Hedgeclipper Clinton, Erasmus still gibbering on his shoulder, held the antique candlestick aloft as he led Mrs Pargeter down into the hotel’s cellar. He had been in favour of just calling one of his maintenance staff to investigate the power failure, but she had insisted that they do it themselves. She was wary of the processes of Fossilface O’Donahue’s ‘restitooshun’.

The cellar covered the entire floor area of the hotel, and was divided into sections by upright concrete pillars. Only the nearest of these could be seen, however, because the space in between had been filled high with what, in the uncertain flickering of the candle’s light, appeared to be metal blocks.

“What the hell are those?” Hedgeclipper Clinton murmured, moving closer to inspect them.

Mrs Pargeter had already got the answer from the smell rising from a spillage on the floor before Hedgeclipper’s candle illuminated the confirmatory sign on the side of one of the cans: PETROLEUM SPIRIT.

The cellar was full of cans of petrol. In front of the ranks of them were two gleaming new emergency generators. On one was stuck a note, headed by the same smiley-face logo that had been on the fax.

The message read: NOW YOU’LL NEVER BE POWERLESS AGAIN – AS THE BISHOP SAID TO THE ACTOR.

Incomprehensible as ever. Yes, there was no doubt they were once again up against Fossilface O’Donahue’s slowly developing sense of humour.
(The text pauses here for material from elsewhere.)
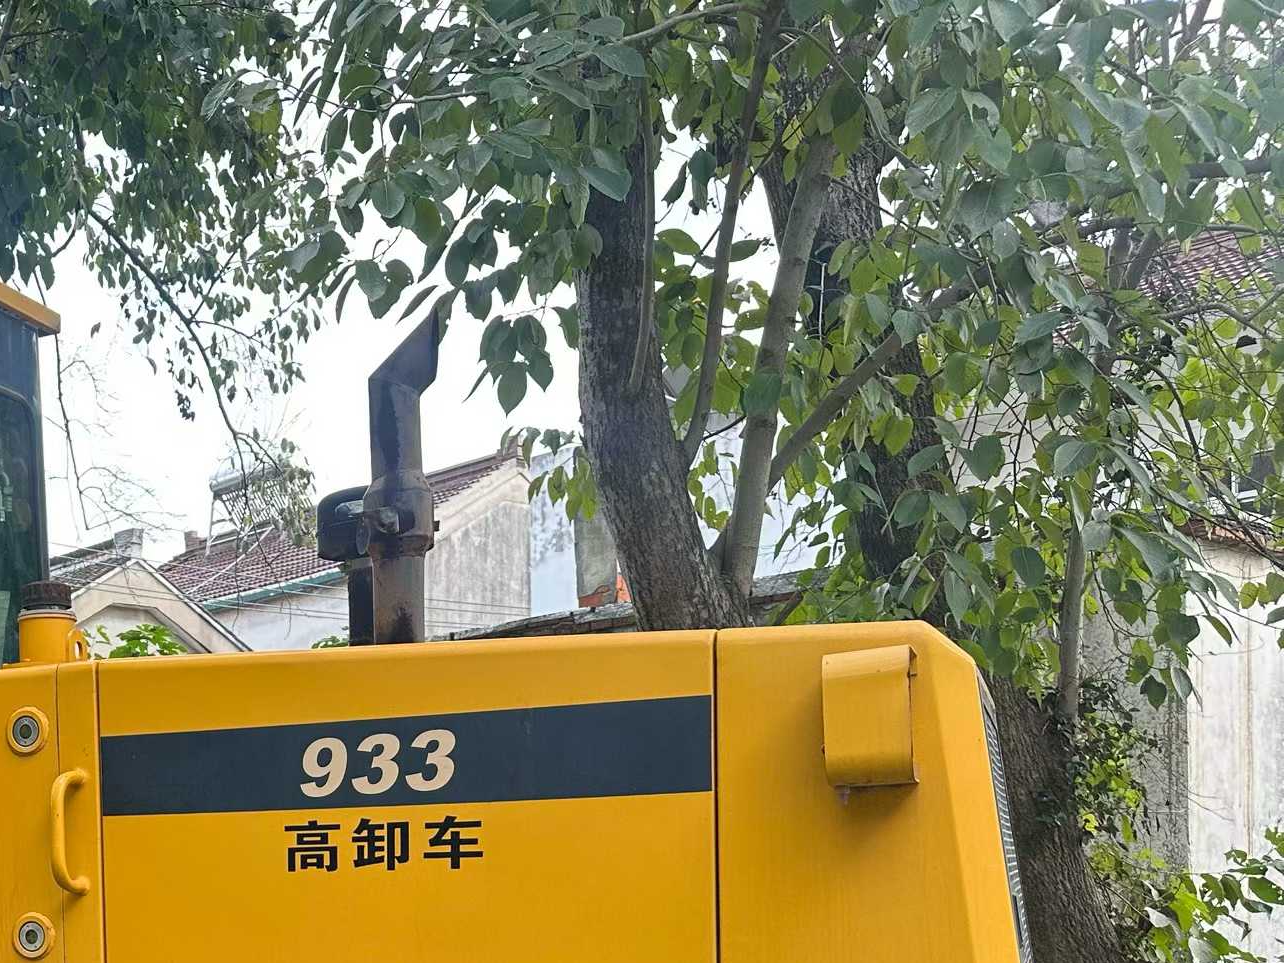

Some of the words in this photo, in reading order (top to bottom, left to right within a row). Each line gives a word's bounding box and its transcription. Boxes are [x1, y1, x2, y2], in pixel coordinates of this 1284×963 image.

[300, 729, 456, 797] 933
[284, 815, 484, 872] 高卸车
Hedgeclipper Clinton chuckled. “Well, going to be a long time before I have to queue up at the petrol pumps again. It looks as if I haven’t come out of this ‘restitooshun’ business so badly.”

“Don’t be too sure, Hedge –”

But Mrs Pargeter didn’t get the chance to finish her sentence. At that moment, Erasmus, bored by not being the centre of attention, had grabbed the lighted candle from his owner’s hand and leapt down on to the cellar floor.

He waved the candlestick around frenziedly. Its light was reflected in the rainbow spill of petrol as the flame swirled ever closer.

“Come on, Erasmus…” Hedgeclipper Clinton cooed. “Come on…”

The hotel manager was down on his knees, inching closer to the marmoset. His pinstriped trousers were already sodden with petrol. The pool of fuel on the floor was spreading; one of the containers must have been holed.

Mrs Pargeter looked anxiously at the wall of petrol cans. Neither she nor Hedgeclipper had voiced it, but it didn’t take a lot of imagination to work out what would happen if the petrol ignited. Goodbye, Mrs Pargeter. Goodbye, Hedgeclipper Clinton.

And, come to that, goodbye Greene’s Hotel, along with any residents who had the misfortune to be inside at that particular moment.

Goodbye, Erasmus, too – though Mrs Pargeter reckoned that was one bereavement she could bear with equanimity, even enthusiasm. Not, of course, that she’d be in much of a position to enjoy the benefit of his departure.